Nuri Al-Maliki will irakischer Premier bleiben, das ist spätestens seit der Nacht zum Montag (Ortszeit) klar. In einer Fernsehansprache kündigte er zudem an, Präsident Fuad Masum wegen Verstoßes gegen die Verfassung zu verklagen, weil dieser ihn nicht zum Regierungschef ernannt habe.

Der Schiit, dem eine systematische Benachteiligung der Sunniten im Land angelastet wird, hatte zwar mit seiner Partei die Parlamentswahl im April gewonnen, aber keine ausreichende Mehrheit für eine Regierungsbildung erreicht. Er hält trotzdem an seinem Posten fest, achteinhalb Jahre nachdem der Schiite zum Hoffnungsträger für den Irak wurde, der dem Land den lang ersehnten Frieden bringen sollte.

Damals, im April 2006, stand der Irak am Rande eines Bürgerkrieges. Schiitische und sunnitische Todesschwadronen massakrierten Anhänger der jeweils anderen Glaubensrichtung. Die irakische Politik war handlungsunfähig, die Regierung zerfallen, es wurde ein neuer Regierungschef gesucht. Nach mehreren Monaten konnten sich die Vertreter von Schiiten, Sunniten und Kurden endlich einigen: auf Nuri al-Maliki.

Auf der Flucht vor Saddam

Al-Maliki, der am 1. Juli 1950 in einem kleinen Ort südlich von Kerbela geboren wurde und aus einer Intellektuellen-Familie stammt, wurde einst selbst diskriminiert. Mit 18 Jahren schloss er sich der Oppositionsbewegung Dawa an, die sich für die Rechte der Schiiten einsetzte. Sie stand gegen das sunnitisch dominierte Baath-Regime, dem auch der spätere Diktator Saddam Hussein angehörte. Als dieser 1979 an die Macht kam, floh al-Maliki. Saddam Hussein ging gegen Oppositionelle gnadenlos vor, al-Maliki wurde 1980 von der irakischen Justiz in Abwesenheit zum Tode verurteilt.

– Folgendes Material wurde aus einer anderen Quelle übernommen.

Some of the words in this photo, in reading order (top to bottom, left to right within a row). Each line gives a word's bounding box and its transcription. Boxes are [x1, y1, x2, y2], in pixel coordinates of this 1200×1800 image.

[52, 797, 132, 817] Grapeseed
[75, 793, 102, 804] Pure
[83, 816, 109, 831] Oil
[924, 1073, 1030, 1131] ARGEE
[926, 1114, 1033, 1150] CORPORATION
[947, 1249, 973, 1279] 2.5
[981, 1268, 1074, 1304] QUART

Mehr als 20 Jahre lebte al-Maliki im Exil, unter anderem in Syrien und im Iran. 2003 wurde Saddam Husseins Regime von einem von den USA angeführten Bündnis gestürzt, der Irak besetzt. Al-Maliki kehrte in sein Heimatland zurück und wurde stellvertretender Leiter der Kommission für Entbaathisierung. Die Kommission hatte die Aufgabe, sämtliche Saddam-Gefolgsleute aus der Verwaltung zu entfernen. Nach der ersten Parlamentswahl im Januar 2005 leitete er den Ausschuss für Sicherheit und Verteidigung, ein Jahr später wurde er Premierminister.

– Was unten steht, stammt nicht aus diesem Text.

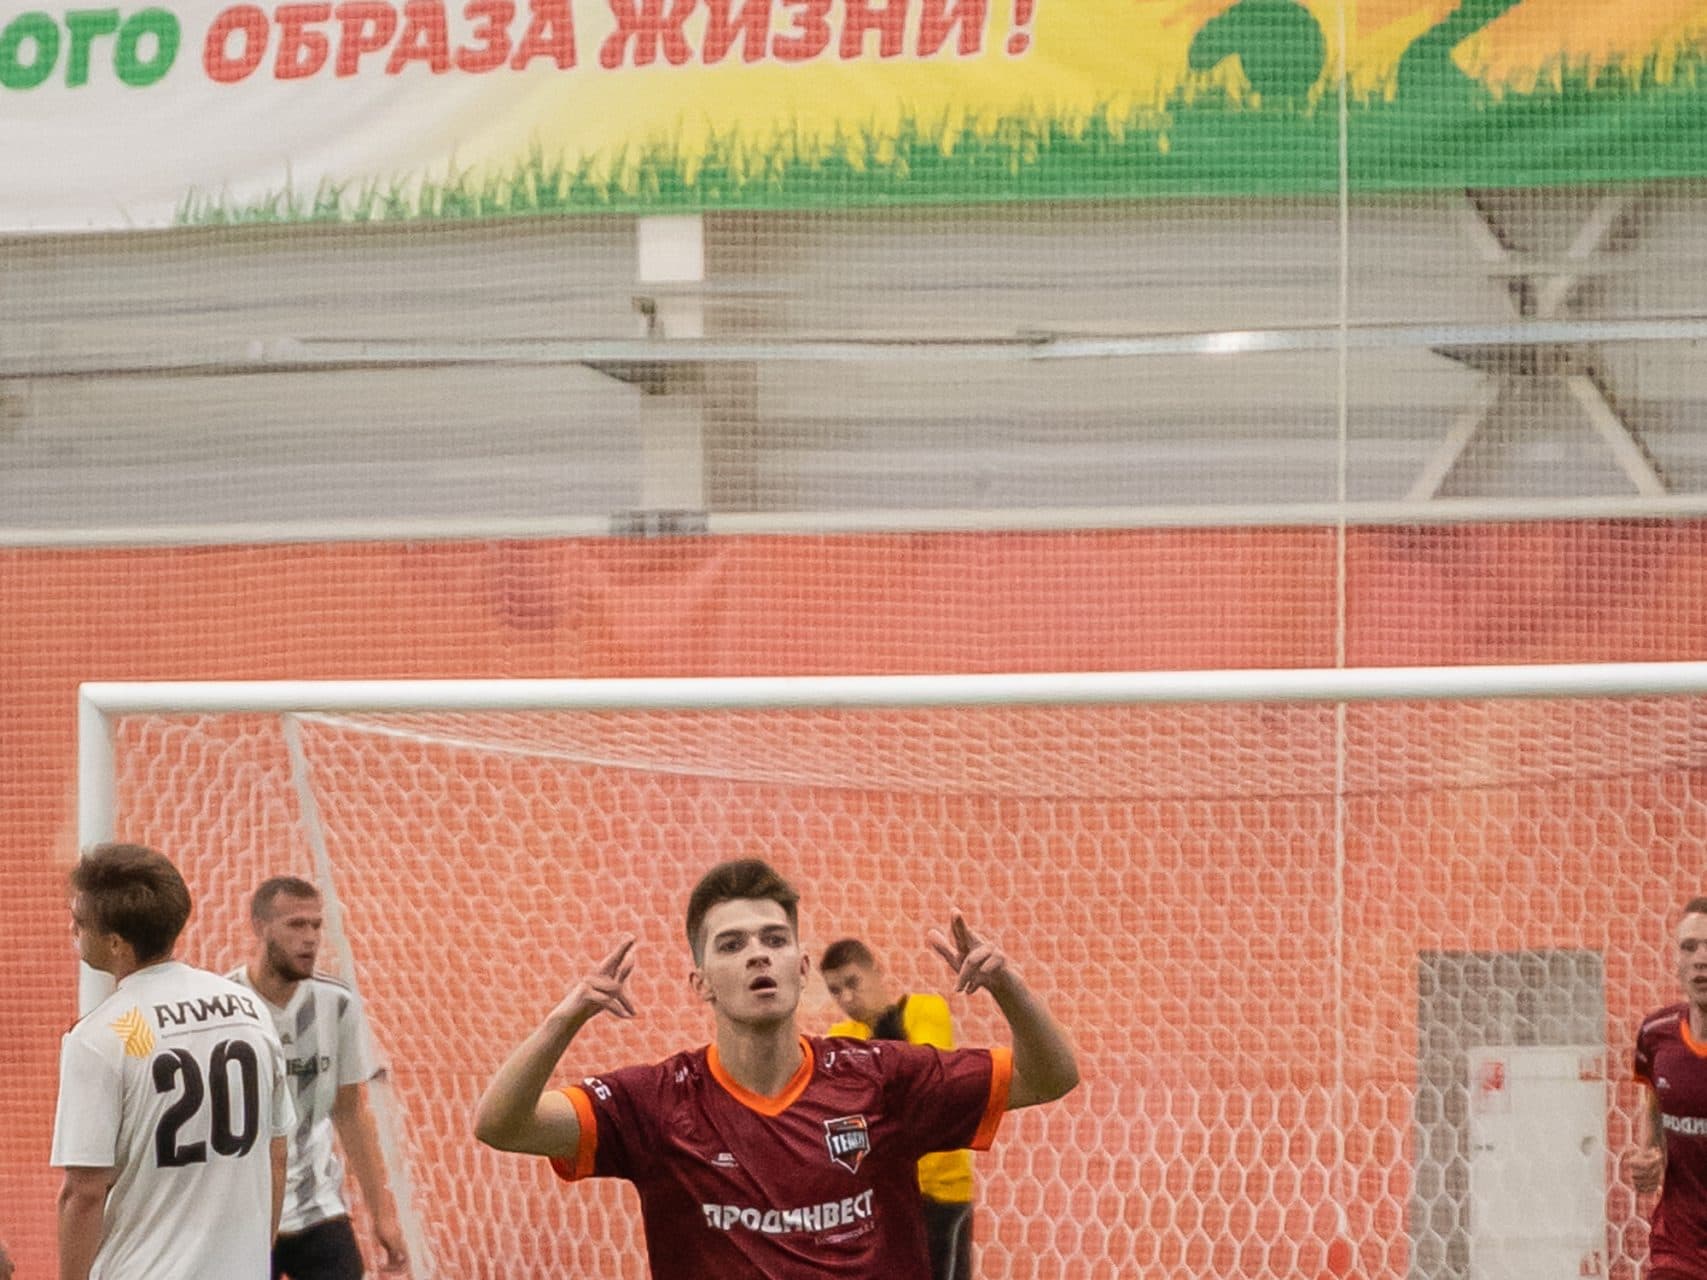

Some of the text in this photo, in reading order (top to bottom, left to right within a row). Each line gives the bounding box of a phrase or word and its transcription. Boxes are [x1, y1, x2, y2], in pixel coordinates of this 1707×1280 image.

[202, 0, 577, 84] ОБРАЗА
[153, 993, 260, 1029] АЛМАЗ
[152, 1038, 260, 1168] 20
[702, 1188, 874, 1233] ПРОДИНВЕСТ

Saddam Hussein vor Gericht (Foto: AFP/Getty Images)
Al-Maliki kehrte erst nach dem Ende der Herrschaft von Saddam Hussein (Bild) wieder in den Irak zurückBild: David Furst/AFP/Getty Images

Große Versprechen

Bei seinem Amtsantritt gab sich al-Maliki optimistisch. Seine Minister und er hofften, "dass diese Regierung den Irak erfolgreich aus der außergewöhnlichen und schwierigen Lage herausführen kann". Diese Regierung solle überkonfessionell sein: "Die Ministerien und die Minister sind nicht Eigentum des Premiers - das heißt, er darf sie nicht entsprechend seiner Herkunft, seiner ethnischen oder religiösen Zugehörigkeit ausnutzen. Er dient dem gesamten irakischen Volk."

Ein 24-Punkte-Plan für nationale Versöhnung und Dialog sollte das Land stabilisieren, die Sunniten sollten eingebunden, die schiitischen Milizen gestoppt werden. Zunächst gelang es al-Malikis Regierung, die Gewalt einzudämmen, auch mit Unterstützung der US-Amerikaner, doch bald nahm sie wieder zu.

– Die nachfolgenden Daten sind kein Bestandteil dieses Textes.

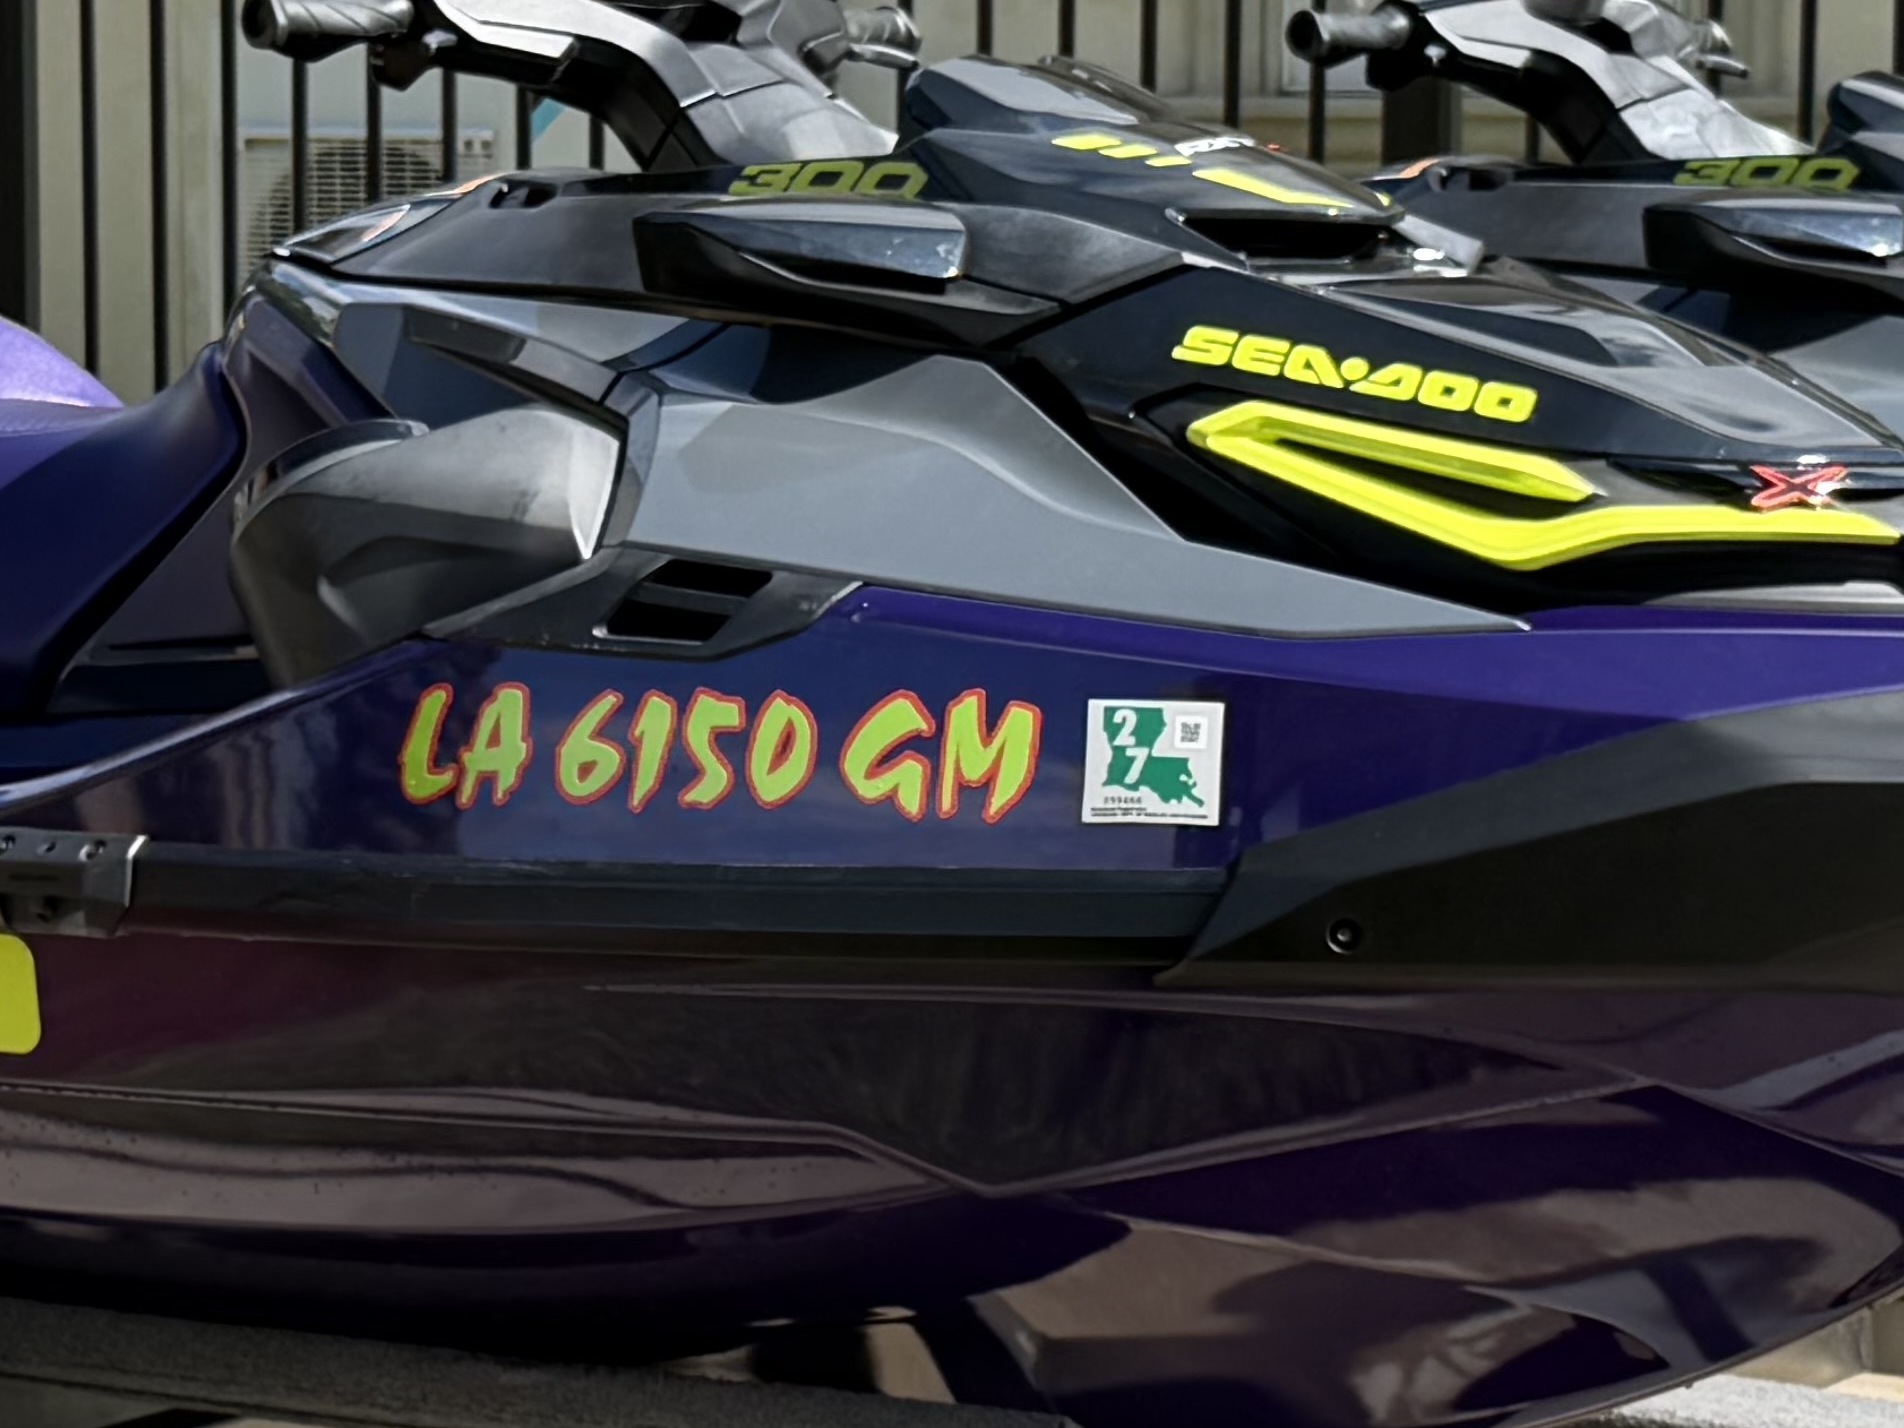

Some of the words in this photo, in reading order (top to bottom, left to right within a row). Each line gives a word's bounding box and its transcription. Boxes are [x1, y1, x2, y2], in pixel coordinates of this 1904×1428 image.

[728, 160, 929, 201] 300
[1673, 157, 1861, 192] 300
[401, 682, 532, 809] LA
[555, 686, 817, 812] 6150
[839, 687, 1042, 824] GM

Das irakische Parlament stimmt über die Regierung ab und akzeptiert sie (Foto: dpa)
Al-Malikis Kabinett bei der Bestätigung durch das Parlament 2006Bild: picture-alliance/dpa/dpaweb

Bei den Parlamentswahlen 2010 verlor al-Malikis Parteienbündnis "Allianz für den Rechtsstaat" dann knapp gegen das von Ex-Premierminister Ijad Allawi gegründete Bündnis "Irakija". Al-Maliki wollte aber nicht weichen und schaffte es nach einem neunmonatigen Machtvakuum schließlich, wieder eine Regierung zu bilden, an deren Spitze er steht.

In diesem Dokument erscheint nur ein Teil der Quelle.